• [About this task] Please output the records below word for word and omit the pictures.

Saved entries
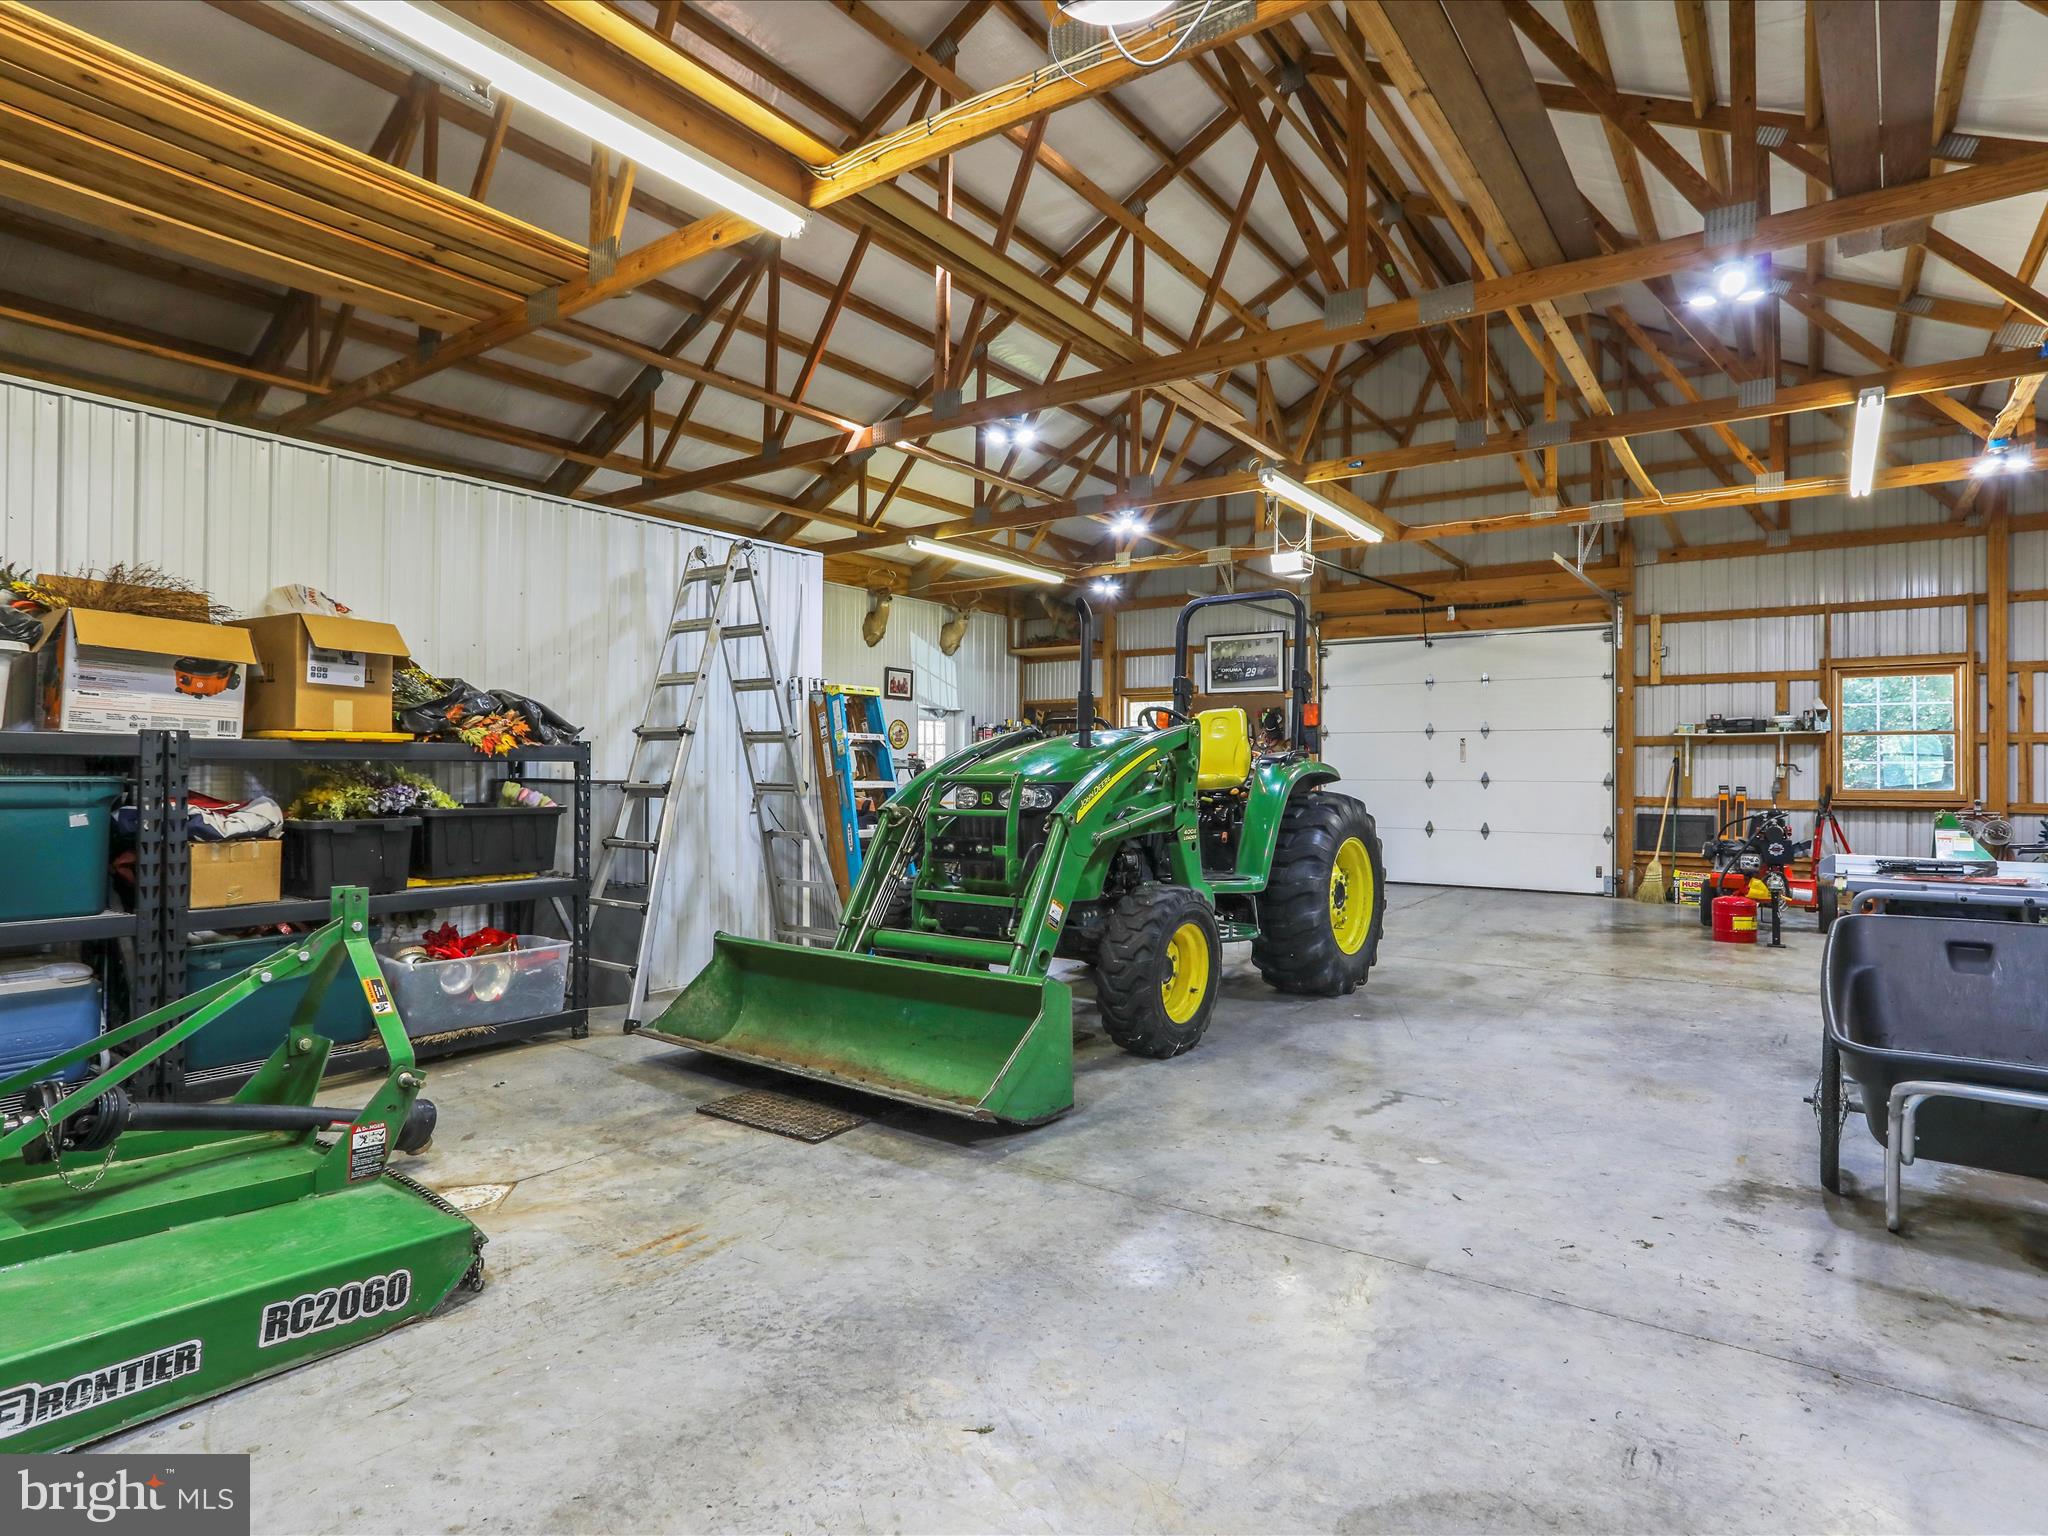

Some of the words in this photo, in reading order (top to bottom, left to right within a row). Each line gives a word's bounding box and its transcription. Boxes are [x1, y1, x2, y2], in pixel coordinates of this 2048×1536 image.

[1245, 667, 1257, 678] 29
[1080, 791, 1095, 809] JOHN
[1093, 773, 1112, 796] DEERE
[263, 1273, 410, 1343] RC2060
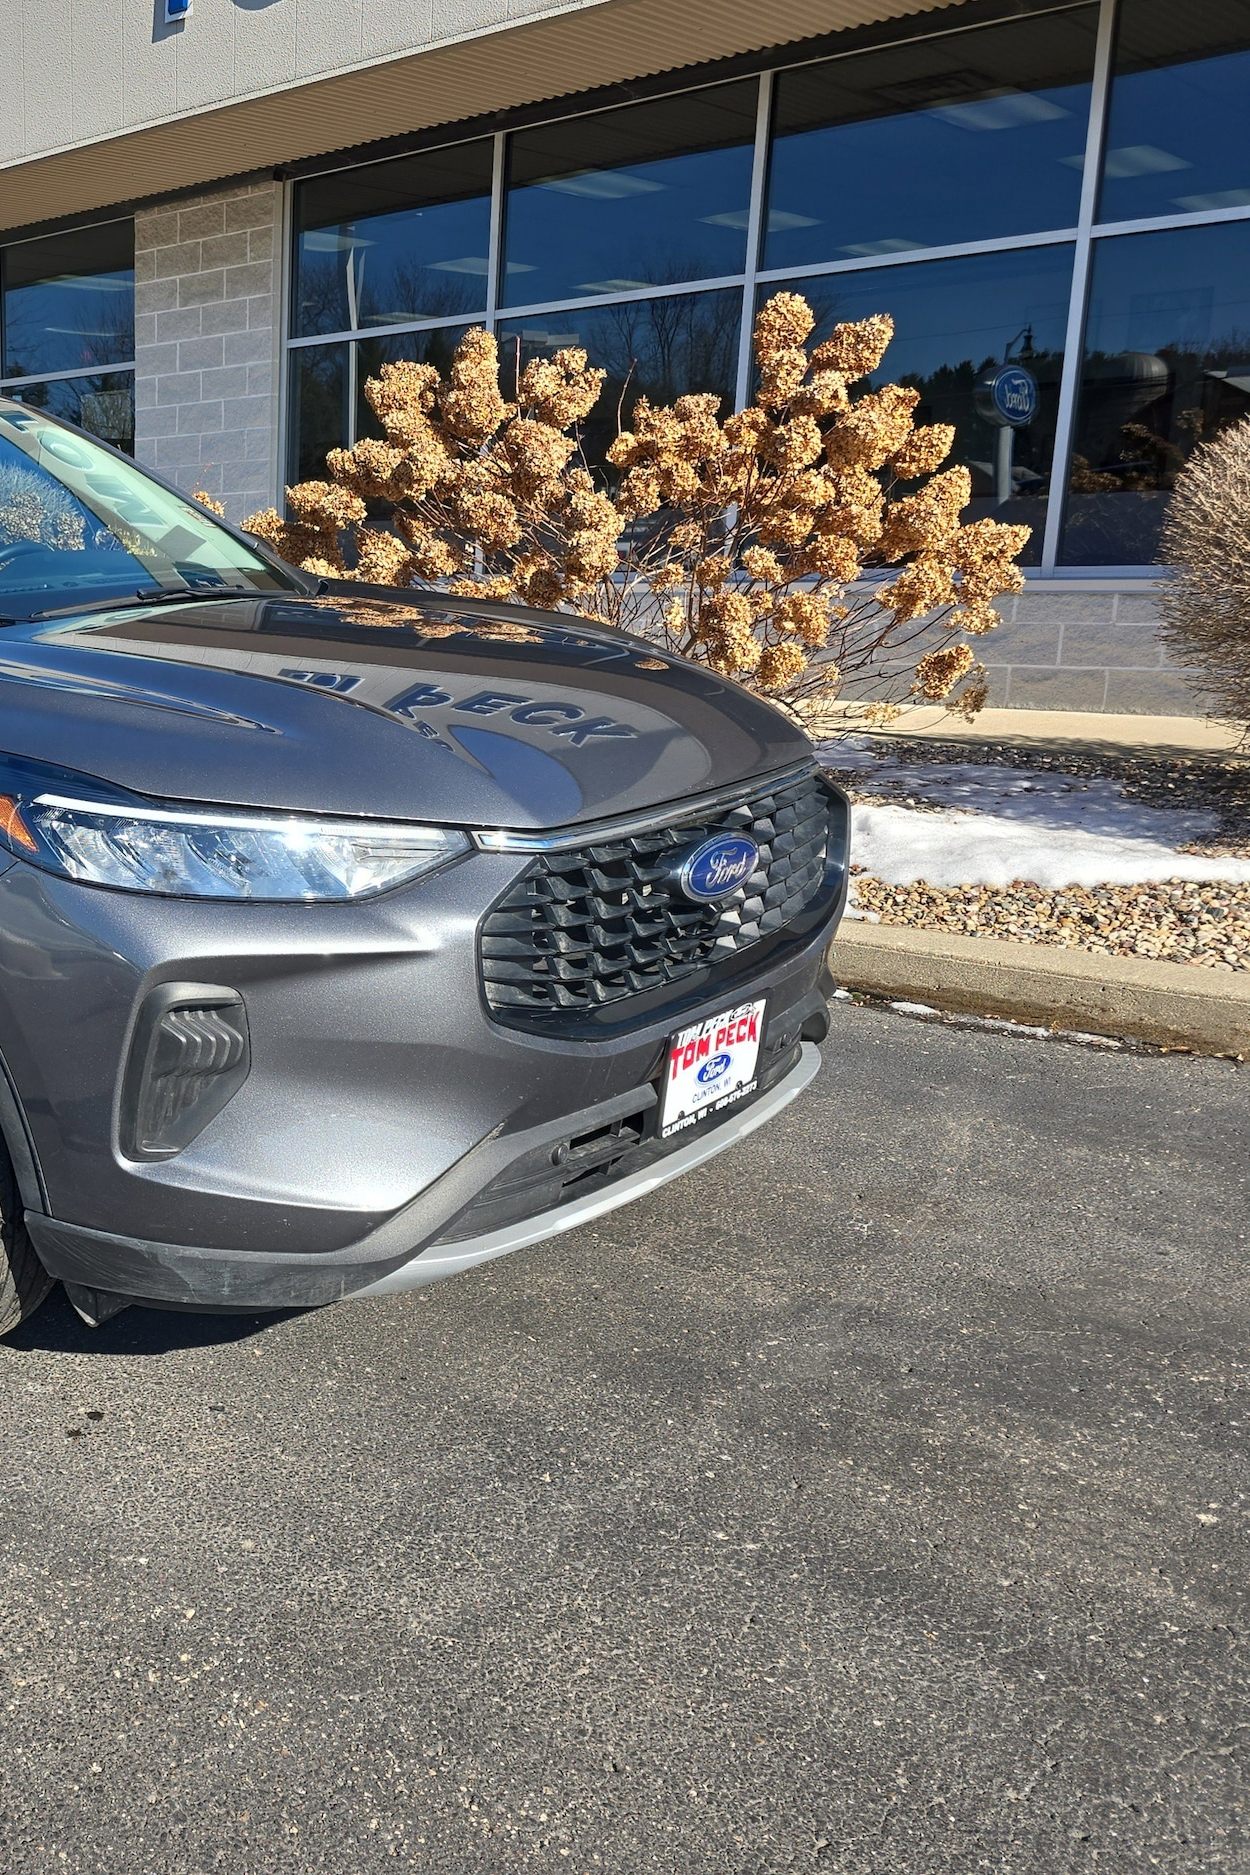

• [Result]
Some of the words in this photo, in reading order (top to bottom, left to right within a row). Each line gives a word's bounding box and its transcription. Boxes are [x1, y1, x2, y2], in pixel coordinates of this 2048×1536 image.

[1245, 667, 1257, 678] 29
[1080, 791, 1095, 809] JOHN
[1093, 773, 1112, 796] DEERE
[263, 1273, 410, 1343] RC2060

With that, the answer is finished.